• [WHAT IS BEING ASKED]:
Could you restate the entries below word for word and leave the images out?

• [PROVIDED INFORMATION]:
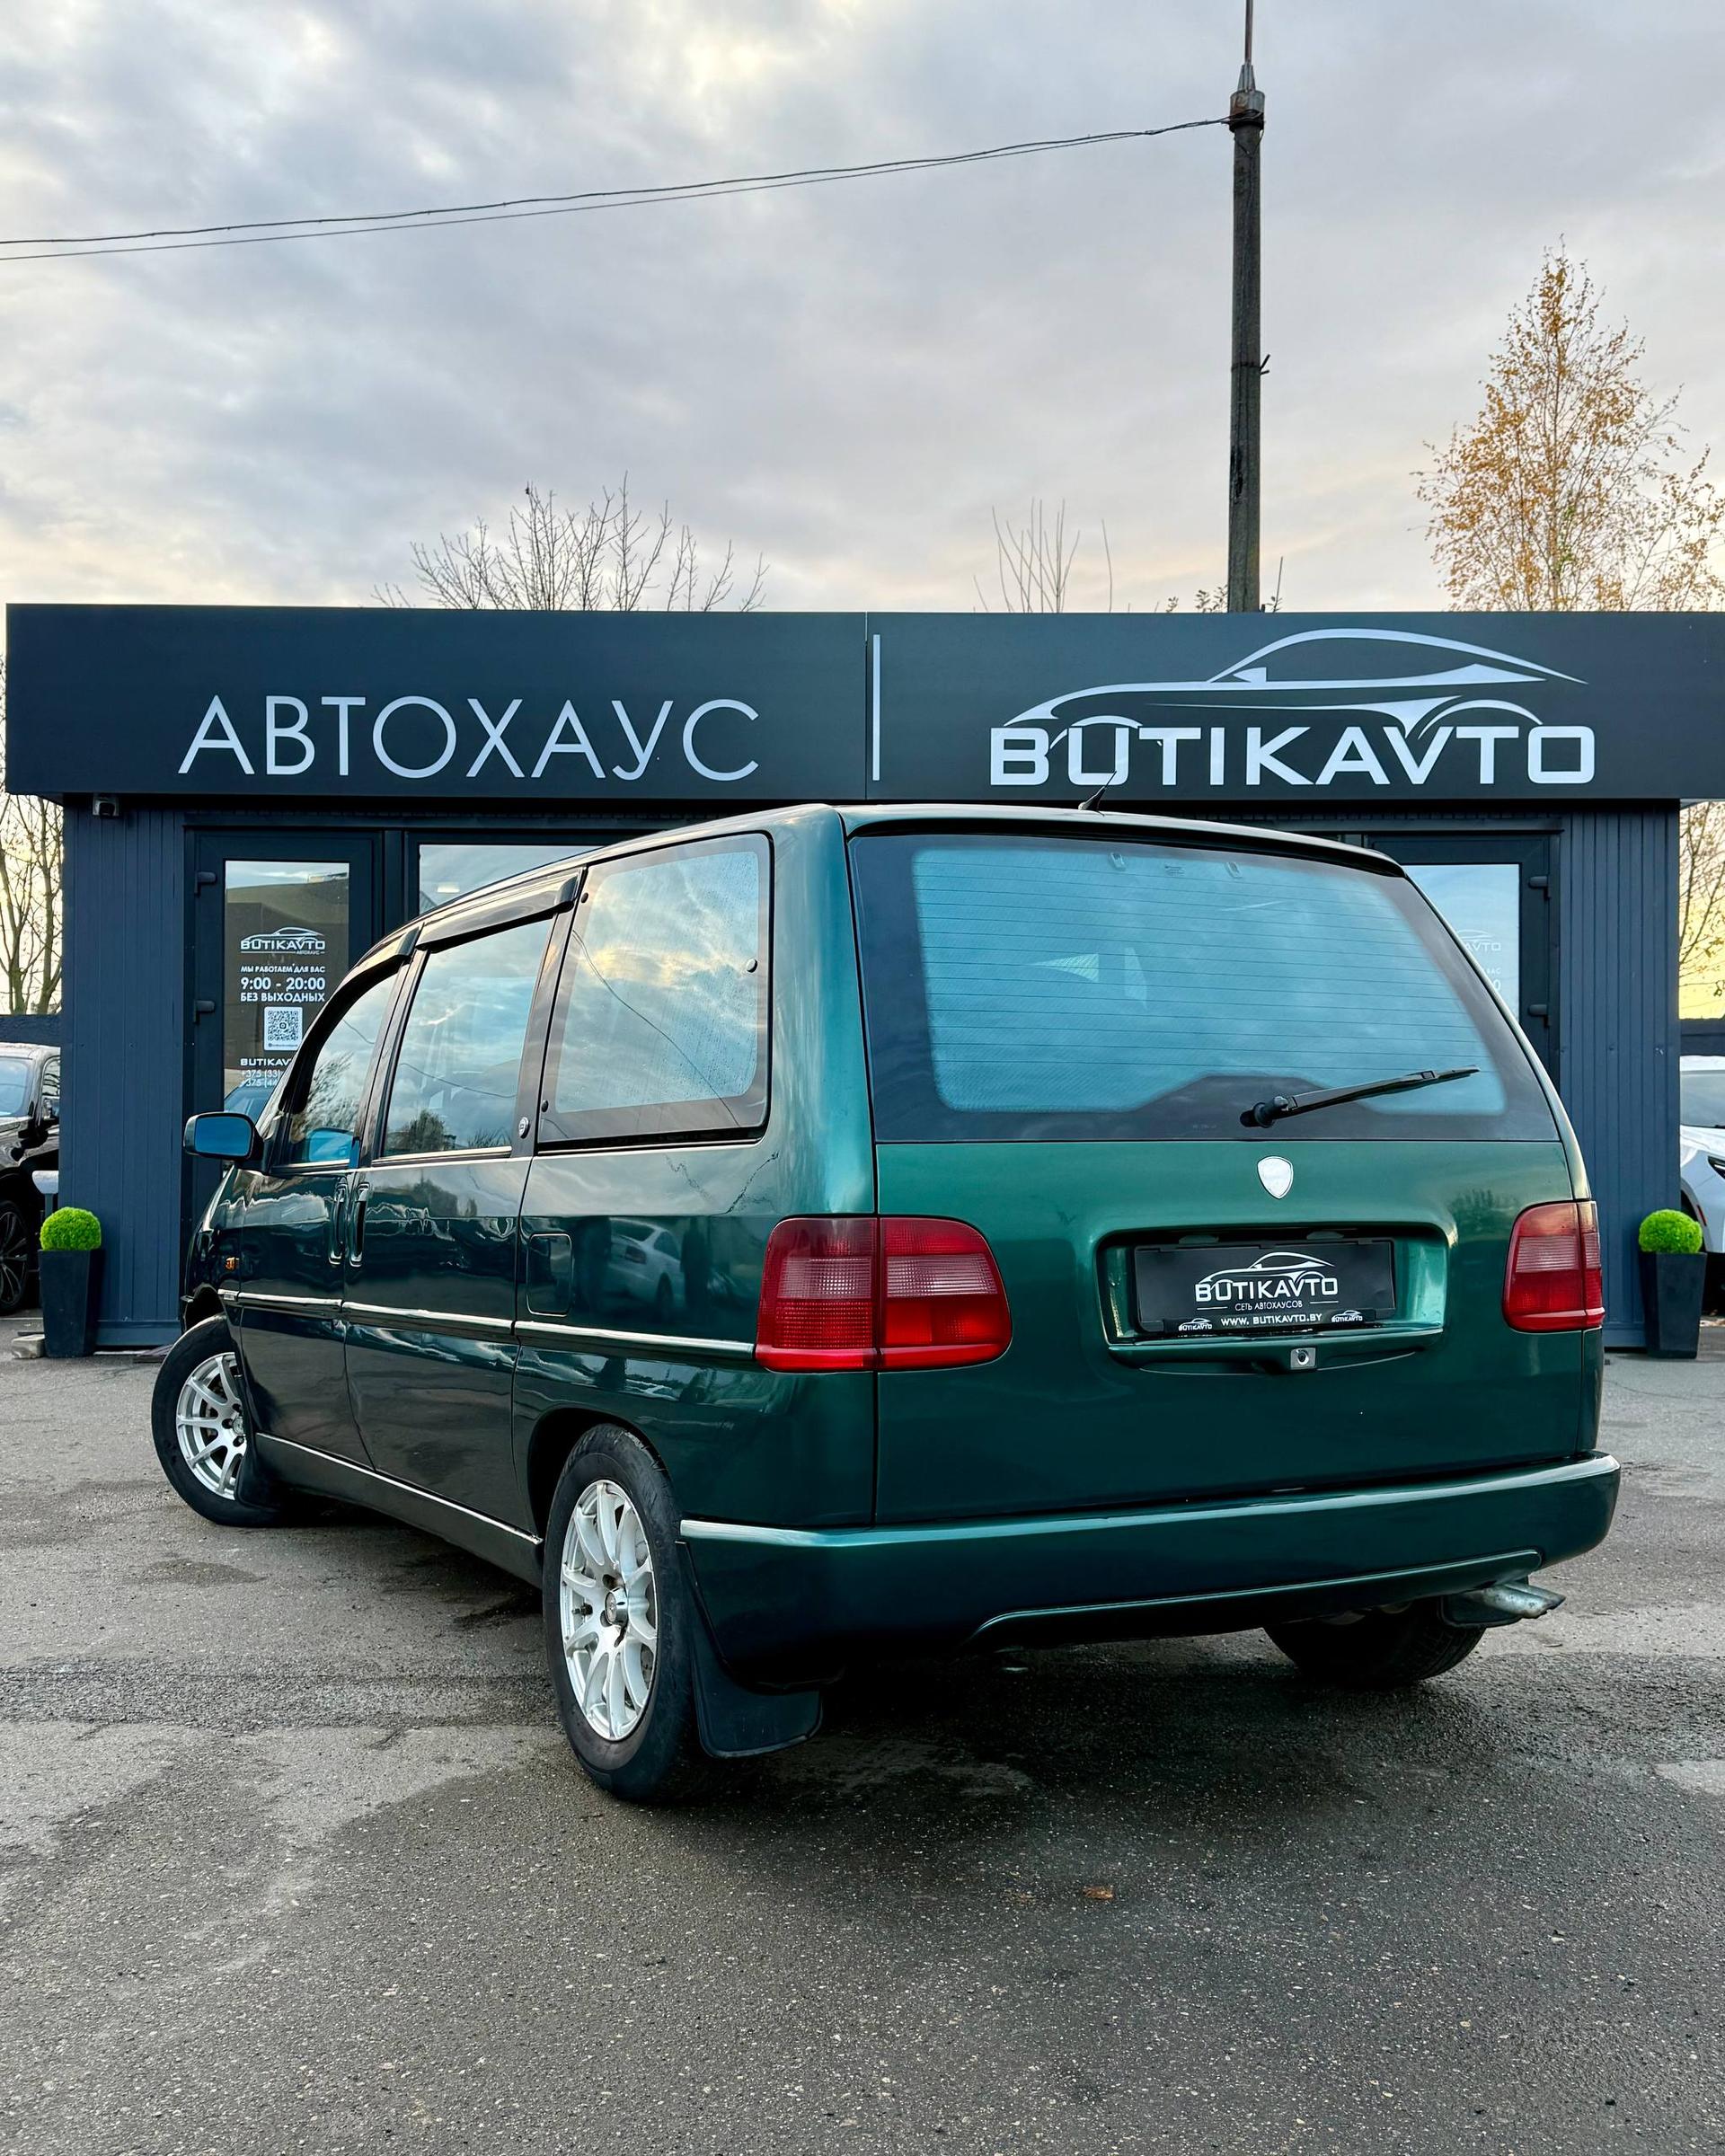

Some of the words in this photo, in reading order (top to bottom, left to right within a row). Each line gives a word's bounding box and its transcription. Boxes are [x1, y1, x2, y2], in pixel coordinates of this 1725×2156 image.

[178, 694, 760, 782] АВТОХАУС
[990, 726, 1596, 787] BUTIKAVTO
[240, 941, 325, 950] BUTIKAVTO
[240, 965, 254, 973] МЫ
[254, 965, 293, 973] РАБОТАЕМ
[293, 965, 309, 974] ДЛЯ
[310, 965, 326, 973] ВАС
[240, 976, 272, 990] 9:00
[286, 976, 326, 991] 20:00
[240, 992, 259, 1002] БЕЗ
[261, 992, 326, 1003] ВЫХОДНЫХ
[240, 1057, 292, 1066] BUTIKAV
[1195, 1277, 1339, 1303] BUTIKAVTO
[1234, 1303, 1253, 1312] СЕТЬ
[1254, 1300, 1304, 1311] АВТОХАУСОВ
[1252, 1313, 1322, 1325] BUTIKAVTO.BY
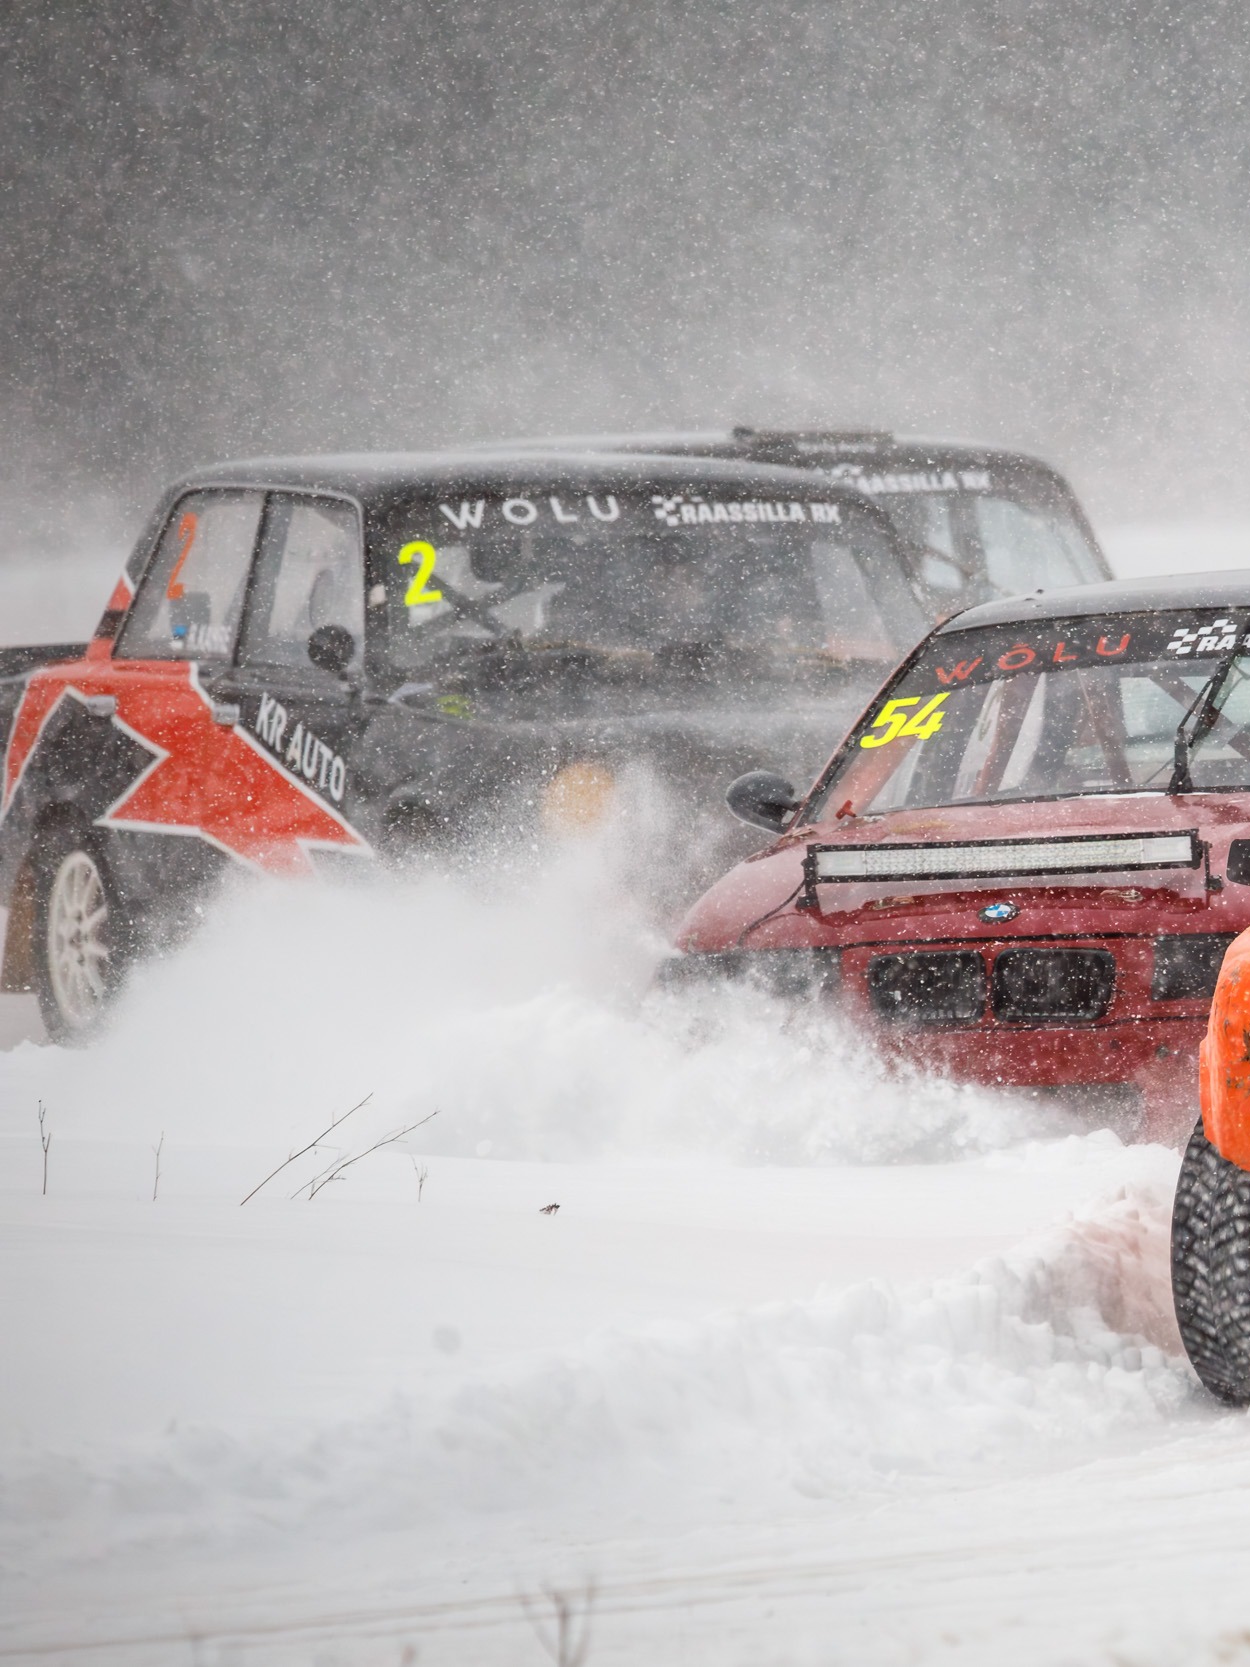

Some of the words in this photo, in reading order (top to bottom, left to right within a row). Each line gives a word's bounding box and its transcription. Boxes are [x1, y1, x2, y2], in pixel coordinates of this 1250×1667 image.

• [ANSWER SPACE]:
Some of the words in this photo, in reading order (top to bottom, left to right within a row). Each line gives a word's bounding box and its transcription. Boxes are [x1, y1, x2, y2], in pixel coordinates of this 1725×2156 image.

[178, 694, 760, 782] АВТОХАУС
[990, 726, 1596, 787] BUTIKAVTO
[240, 941, 325, 950] BUTIKAVTO
[240, 965, 254, 973] МЫ
[254, 965, 293, 973] РАБОТАЕМ
[293, 965, 309, 974] ДЛЯ
[310, 965, 326, 973] ВАС
[240, 976, 272, 990] 9:00
[286, 976, 326, 991] 20:00
[240, 992, 259, 1002] БЕЗ
[261, 992, 326, 1003] ВЫХОДНЫХ
[240, 1057, 292, 1066] BUTIKAV
[1195, 1277, 1339, 1303] BUTIKAVTO
[1234, 1303, 1253, 1312] СЕТЬ
[1254, 1300, 1304, 1311] АВТОХАУСОВ
[1252, 1313, 1322, 1325] BUTIKAVTO.BY

Some of the words in this photo, in reading order (top to bottom, left to right within a row). Each line gives a word's bounding box and its transcription. Boxes are [x1, y1, x2, y2], in pixel coordinates of this 1250×1667 image.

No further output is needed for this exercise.